**** TASK INPUT ****
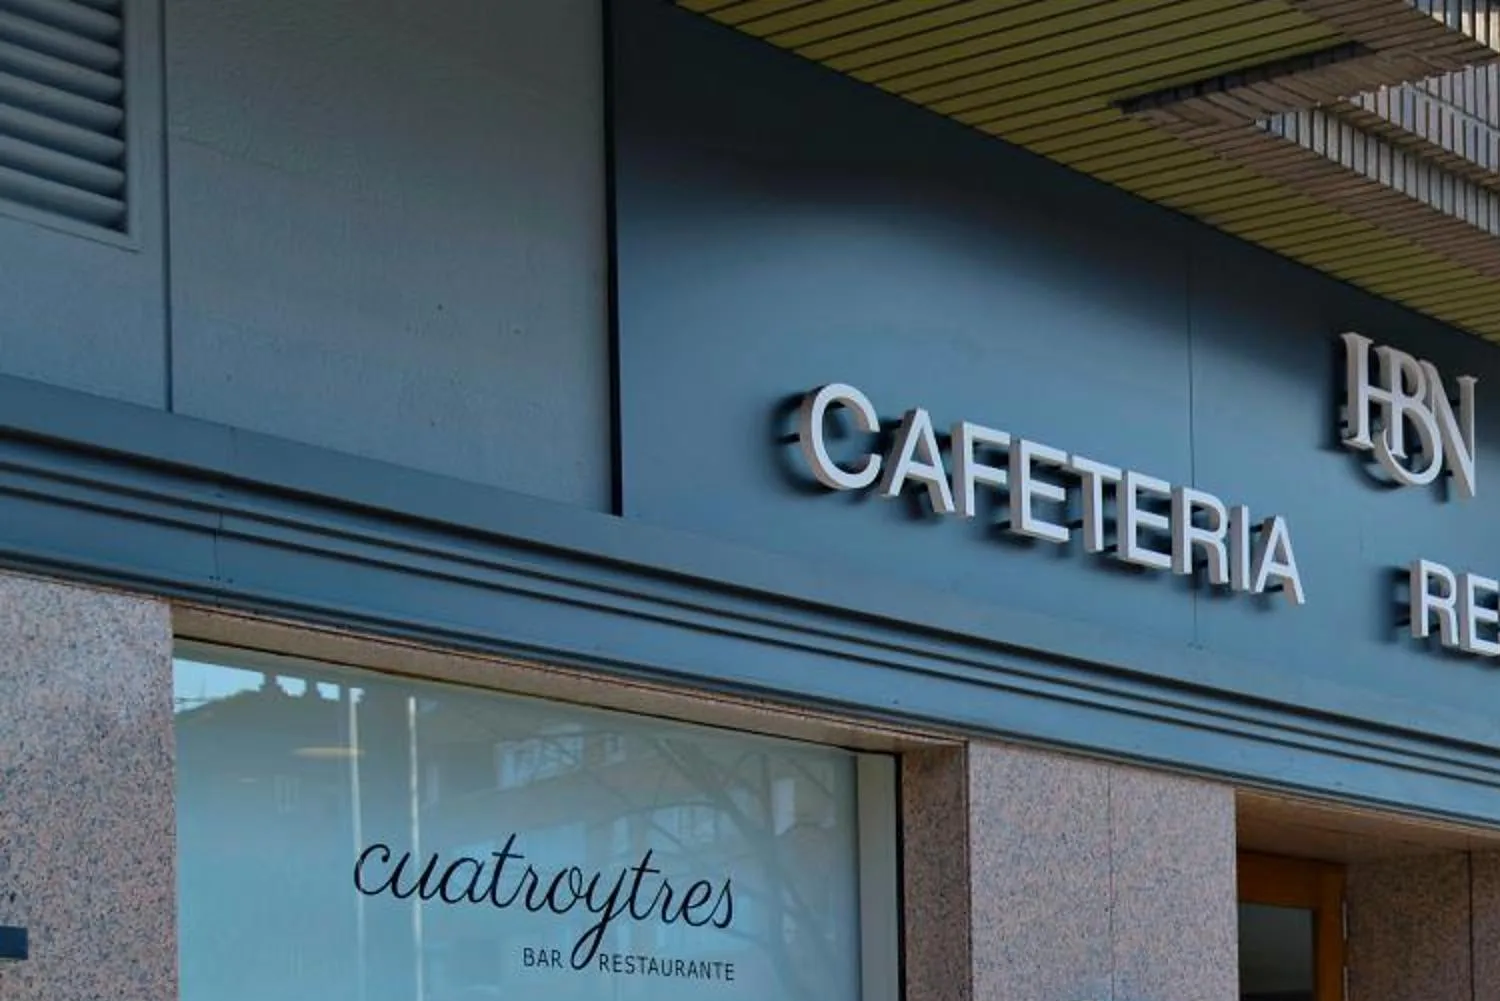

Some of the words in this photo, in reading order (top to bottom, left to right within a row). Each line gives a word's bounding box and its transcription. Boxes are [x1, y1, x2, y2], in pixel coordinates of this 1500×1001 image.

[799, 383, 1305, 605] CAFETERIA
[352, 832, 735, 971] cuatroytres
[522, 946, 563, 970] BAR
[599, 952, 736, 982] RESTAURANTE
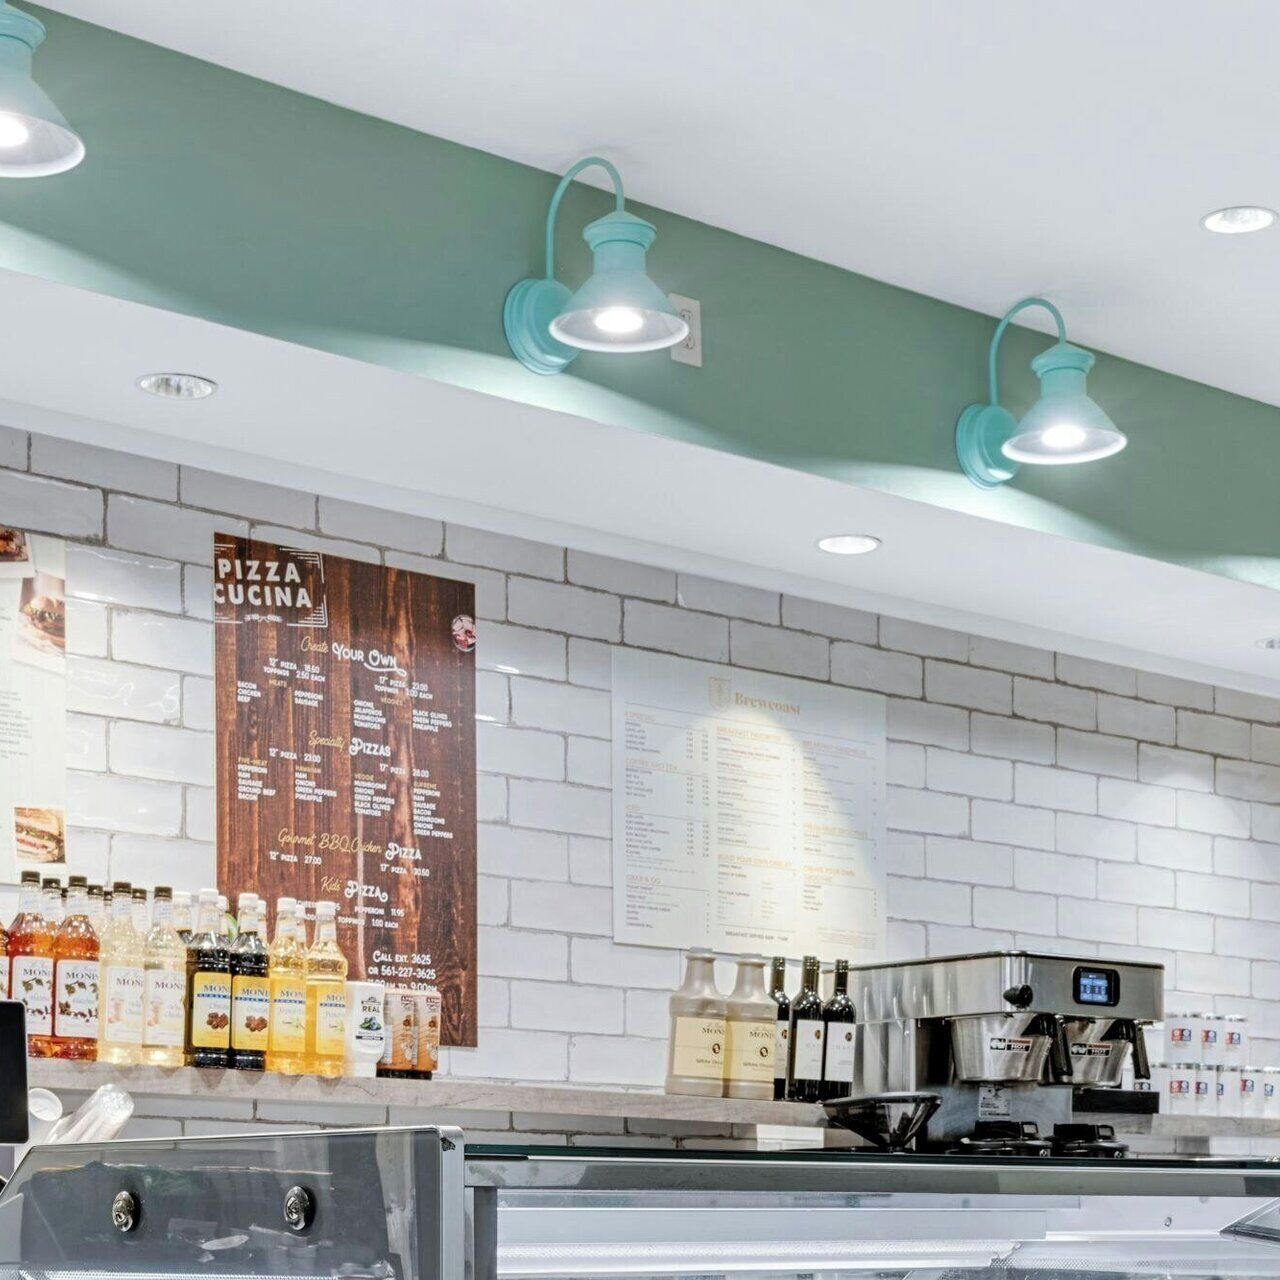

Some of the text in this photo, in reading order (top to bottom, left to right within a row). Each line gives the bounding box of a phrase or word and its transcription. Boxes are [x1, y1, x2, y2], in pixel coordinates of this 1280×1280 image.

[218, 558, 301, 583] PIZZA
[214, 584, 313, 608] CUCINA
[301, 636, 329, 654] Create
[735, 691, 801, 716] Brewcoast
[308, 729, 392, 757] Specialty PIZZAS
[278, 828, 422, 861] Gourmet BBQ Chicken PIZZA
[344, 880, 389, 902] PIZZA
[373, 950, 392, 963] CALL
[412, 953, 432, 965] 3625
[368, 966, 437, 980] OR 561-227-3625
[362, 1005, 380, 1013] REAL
****
WORK REQUIRED
Skip the pictures and give the entries above again word for word.

OUTPUT FOR THIS EXERCISE
Some of the words in this photo, in reading order (top to bottom, left to right within a row). Each line gives a word's bounding box and its transcription. Boxes are [x1, y1, x2, y2], in pixel coordinates of this 1500×1001 image.

[799, 383, 1305, 605] CAFETERIA
[352, 832, 735, 971] cuatroytres
[522, 946, 563, 970] BAR
[599, 952, 736, 982] RESTAURANTE

Some of the text in this photo, in reading order (top to bottom, left to right within a row). Each line gives the bounding box of a phrase or word and its transcription. Boxes are [x1, y1, x2, y2], in pixel coordinates of this 1280×1280 image.

[218, 558, 301, 583] PIZZA
[214, 584, 313, 608] CUCINA
[301, 636, 329, 654] Create
[735, 691, 801, 716] Brewcoast
[308, 729, 392, 757] Specialty PIZZAS
[278, 828, 422, 861] Gourmet BBQ Chicken PIZZA
[344, 880, 389, 902] PIZZA
[373, 950, 392, 963] CALL
[412, 953, 432, 965] 3625
[368, 966, 437, 980] OR 561-227-3625
[362, 1005, 380, 1013] REAL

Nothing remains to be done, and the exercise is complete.